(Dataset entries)
§
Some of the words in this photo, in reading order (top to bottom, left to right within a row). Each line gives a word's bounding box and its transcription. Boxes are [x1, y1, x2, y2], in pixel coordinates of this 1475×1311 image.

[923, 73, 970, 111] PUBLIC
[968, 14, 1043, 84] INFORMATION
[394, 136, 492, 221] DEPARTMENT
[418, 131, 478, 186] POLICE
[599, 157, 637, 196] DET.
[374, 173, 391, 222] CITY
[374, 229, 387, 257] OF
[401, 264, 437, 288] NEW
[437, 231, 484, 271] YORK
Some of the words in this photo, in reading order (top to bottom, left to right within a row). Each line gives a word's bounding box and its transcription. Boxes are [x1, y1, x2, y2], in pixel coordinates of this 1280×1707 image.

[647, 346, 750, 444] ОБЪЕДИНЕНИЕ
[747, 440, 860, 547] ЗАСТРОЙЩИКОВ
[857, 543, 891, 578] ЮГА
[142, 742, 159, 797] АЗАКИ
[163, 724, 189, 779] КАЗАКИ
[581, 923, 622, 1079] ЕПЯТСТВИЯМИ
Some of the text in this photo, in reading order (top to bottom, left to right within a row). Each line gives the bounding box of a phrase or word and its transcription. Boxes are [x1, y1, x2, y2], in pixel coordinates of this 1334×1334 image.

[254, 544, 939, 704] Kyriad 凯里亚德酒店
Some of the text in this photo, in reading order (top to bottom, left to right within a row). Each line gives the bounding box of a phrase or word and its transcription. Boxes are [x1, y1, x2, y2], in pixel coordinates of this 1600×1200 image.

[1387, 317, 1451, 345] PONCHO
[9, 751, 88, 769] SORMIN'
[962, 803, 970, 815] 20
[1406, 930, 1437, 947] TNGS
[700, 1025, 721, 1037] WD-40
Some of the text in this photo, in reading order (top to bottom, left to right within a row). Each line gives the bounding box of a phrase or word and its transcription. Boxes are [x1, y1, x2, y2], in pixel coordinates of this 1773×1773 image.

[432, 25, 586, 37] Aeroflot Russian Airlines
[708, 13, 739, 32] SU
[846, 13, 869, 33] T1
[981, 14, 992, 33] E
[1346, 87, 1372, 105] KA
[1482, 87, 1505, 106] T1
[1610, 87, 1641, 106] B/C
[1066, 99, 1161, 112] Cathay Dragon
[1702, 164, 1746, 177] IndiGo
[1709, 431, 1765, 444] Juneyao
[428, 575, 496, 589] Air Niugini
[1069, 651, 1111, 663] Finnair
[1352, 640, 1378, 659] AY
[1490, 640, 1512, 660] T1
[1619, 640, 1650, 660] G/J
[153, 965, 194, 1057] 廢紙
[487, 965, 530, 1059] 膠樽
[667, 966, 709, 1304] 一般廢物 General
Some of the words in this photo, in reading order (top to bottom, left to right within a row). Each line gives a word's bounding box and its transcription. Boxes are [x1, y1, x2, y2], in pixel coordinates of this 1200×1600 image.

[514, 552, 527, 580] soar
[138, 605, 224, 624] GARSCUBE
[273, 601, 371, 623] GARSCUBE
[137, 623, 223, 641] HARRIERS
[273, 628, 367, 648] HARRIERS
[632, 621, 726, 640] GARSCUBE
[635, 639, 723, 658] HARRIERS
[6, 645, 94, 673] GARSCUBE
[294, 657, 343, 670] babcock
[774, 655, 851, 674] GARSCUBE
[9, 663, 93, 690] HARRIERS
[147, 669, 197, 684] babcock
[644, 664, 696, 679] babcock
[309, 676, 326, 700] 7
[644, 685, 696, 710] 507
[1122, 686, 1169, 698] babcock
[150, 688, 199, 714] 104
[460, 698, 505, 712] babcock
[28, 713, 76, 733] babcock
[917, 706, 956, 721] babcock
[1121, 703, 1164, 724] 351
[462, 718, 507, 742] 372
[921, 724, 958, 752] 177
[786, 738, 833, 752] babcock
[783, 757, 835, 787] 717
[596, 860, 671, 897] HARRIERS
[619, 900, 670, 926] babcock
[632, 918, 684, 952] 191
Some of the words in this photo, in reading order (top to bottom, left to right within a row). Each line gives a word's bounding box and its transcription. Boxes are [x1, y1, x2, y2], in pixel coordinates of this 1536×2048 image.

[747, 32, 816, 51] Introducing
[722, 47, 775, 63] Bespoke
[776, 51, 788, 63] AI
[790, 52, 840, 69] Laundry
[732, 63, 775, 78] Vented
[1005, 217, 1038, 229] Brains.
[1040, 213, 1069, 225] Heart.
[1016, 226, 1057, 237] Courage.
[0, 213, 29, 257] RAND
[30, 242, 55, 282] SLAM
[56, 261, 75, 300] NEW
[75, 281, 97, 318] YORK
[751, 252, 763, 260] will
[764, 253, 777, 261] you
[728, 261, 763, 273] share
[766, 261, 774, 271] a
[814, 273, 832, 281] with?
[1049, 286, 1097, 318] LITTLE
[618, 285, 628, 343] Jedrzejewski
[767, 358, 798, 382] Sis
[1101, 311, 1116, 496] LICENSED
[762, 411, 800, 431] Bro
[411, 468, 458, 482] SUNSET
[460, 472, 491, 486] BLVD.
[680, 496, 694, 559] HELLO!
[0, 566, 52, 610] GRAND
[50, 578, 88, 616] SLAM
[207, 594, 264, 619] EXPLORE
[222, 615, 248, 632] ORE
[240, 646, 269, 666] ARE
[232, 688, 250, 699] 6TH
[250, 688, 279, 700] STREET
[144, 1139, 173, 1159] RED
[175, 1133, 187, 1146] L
§
:: YOUR ASSIGNMENT ::
Here, the records must be output exactly and in full.

:: OUTPUT FOR THIS EXERCISE ::
Some of the words in this photo, in reading order (top to bottom, left to right within a row). Each line gives a word's bounding box and its transcription. Boxes are [x1, y1, x2, y2], in pixel coordinates of this 1475×1311 image.

[923, 73, 970, 111] PUBLIC
[968, 14, 1043, 84] INFORMATION
[394, 136, 492, 221] DEPARTMENT
[418, 131, 478, 186] POLICE
[599, 157, 637, 196] DET.
[374, 173, 391, 222] CITY
[374, 229, 387, 257] OF
[401, 264, 437, 288] NEW
[437, 231, 484, 271] YORK
Some of the words in this photo, in reading order (top to bottom, left to right within a row). Each line gives a word's bounding box and its transcription. Boxes are [x1, y1, x2, y2], in pixel coordinates of this 1280×1707 image.

[647, 346, 750, 444] ОБЪЕДИНЕНИЕ
[747, 440, 860, 547] ЗАСТРОЙЩИКОВ
[857, 543, 891, 578] ЮГА
[142, 742, 159, 797] АЗАКИ
[163, 724, 189, 779] КАЗАКИ
[581, 923, 622, 1079] ЕПЯТСТВИЯМИ
Some of the text in this photo, in reading order (top to bottom, left to right within a row). Each line gives the bounding box of a phrase or word and its transcription. Boxes are [x1, y1, x2, y2], in pixel coordinates of this 1334×1334 image.

[254, 544, 939, 704] Kyriad 凯里亚德酒店
Some of the text in this photo, in reading order (top to bottom, left to right within a row). Each line gives the bounding box of a phrase or word and its transcription. Boxes are [x1, y1, x2, y2], in pixel coordinates of this 1600×1200 image.

[1387, 317, 1451, 345] PONCHO
[9, 751, 88, 769] SORMIN'
[962, 803, 970, 815] 20
[1406, 930, 1437, 947] TNGS
[700, 1025, 721, 1037] WD-40
Some of the text in this photo, in reading order (top to bottom, left to right within a row). Each line gives the bounding box of a phrase or word and its transcription. Boxes are [x1, y1, x2, y2], in pixel coordinates of this 1773×1773 image.

[432, 25, 586, 37] Aeroflot Russian Airlines
[708, 13, 739, 32] SU
[846, 13, 869, 33] T1
[981, 14, 992, 33] E
[1346, 87, 1372, 105] KA
[1482, 87, 1505, 106] T1
[1610, 87, 1641, 106] B/C
[1066, 99, 1161, 112] Cathay Dragon
[1702, 164, 1746, 177] IndiGo
[1709, 431, 1765, 444] Juneyao
[428, 575, 496, 589] Air Niugini
[1069, 651, 1111, 663] Finnair
[1352, 640, 1378, 659] AY
[1490, 640, 1512, 660] T1
[1619, 640, 1650, 660] G/J
[153, 965, 194, 1057] 廢紙
[487, 965, 530, 1059] 膠樽
[667, 966, 709, 1304] 一般廢物 General
Some of the words in this photo, in reading order (top to bottom, left to right within a row). Each line gives a word's bounding box and its transcription. Boxes are [x1, y1, x2, y2], in pixel coordinates of this 1200×1600 image.

[514, 552, 527, 580] soar
[138, 605, 224, 624] GARSCUBE
[273, 601, 371, 623] GARSCUBE
[137, 623, 223, 641] HARRIERS
[273, 628, 367, 648] HARRIERS
[632, 621, 726, 640] GARSCUBE
[635, 639, 723, 658] HARRIERS
[6, 645, 94, 673] GARSCUBE
[294, 657, 343, 670] babcock
[774, 655, 851, 674] GARSCUBE
[9, 663, 93, 690] HARRIERS
[147, 669, 197, 684] babcock
[644, 664, 696, 679] babcock
[309, 676, 326, 700] 7
[644, 685, 696, 710] 507
[1122, 686, 1169, 698] babcock
[150, 688, 199, 714] 104
[460, 698, 505, 712] babcock
[28, 713, 76, 733] babcock
[917, 706, 956, 721] babcock
[1121, 703, 1164, 724] 351
[462, 718, 507, 742] 372
[921, 724, 958, 752] 177
[786, 738, 833, 752] babcock
[783, 757, 835, 787] 717
[596, 860, 671, 897] HARRIERS
[619, 900, 670, 926] babcock
[632, 918, 684, 952] 191
Some of the words in this photo, in reading order (top to bottom, left to right within a row). Each line gives a word's bounding box and its transcription. Boxes are [x1, y1, x2, y2], in pixel coordinates of this 1536×2048 image.

[747, 32, 816, 51] Introducing
[722, 47, 775, 63] Bespoke
[776, 51, 788, 63] AI
[790, 52, 840, 69] Laundry
[732, 63, 775, 78] Vented
[1005, 217, 1038, 229] Brains.
[1040, 213, 1069, 225] Heart.
[1016, 226, 1057, 237] Courage.
[0, 213, 29, 257] RAND
[30, 242, 55, 282] SLAM
[56, 261, 75, 300] NEW
[75, 281, 97, 318] YORK
[751, 252, 763, 260] will
[764, 253, 777, 261] you
[728, 261, 763, 273] share
[766, 261, 774, 271] a
[814, 273, 832, 281] with?
[1049, 286, 1097, 318] LITTLE
[618, 285, 628, 343] Jedrzejewski
[767, 358, 798, 382] Sis
[1101, 311, 1116, 496] LICENSED
[762, 411, 800, 431] Bro
[411, 468, 458, 482] SUNSET
[460, 472, 491, 486] BLVD.
[680, 496, 694, 559] HELLO!
[0, 566, 52, 610] GRAND
[50, 578, 88, 616] SLAM
[207, 594, 264, 619] EXPLORE
[222, 615, 248, 632] ORE
[240, 646, 269, 666] ARE
[232, 688, 250, 699] 6TH
[250, 688, 279, 700] STREET
[144, 1139, 173, 1159] RED
[175, 1133, 187, 1146] L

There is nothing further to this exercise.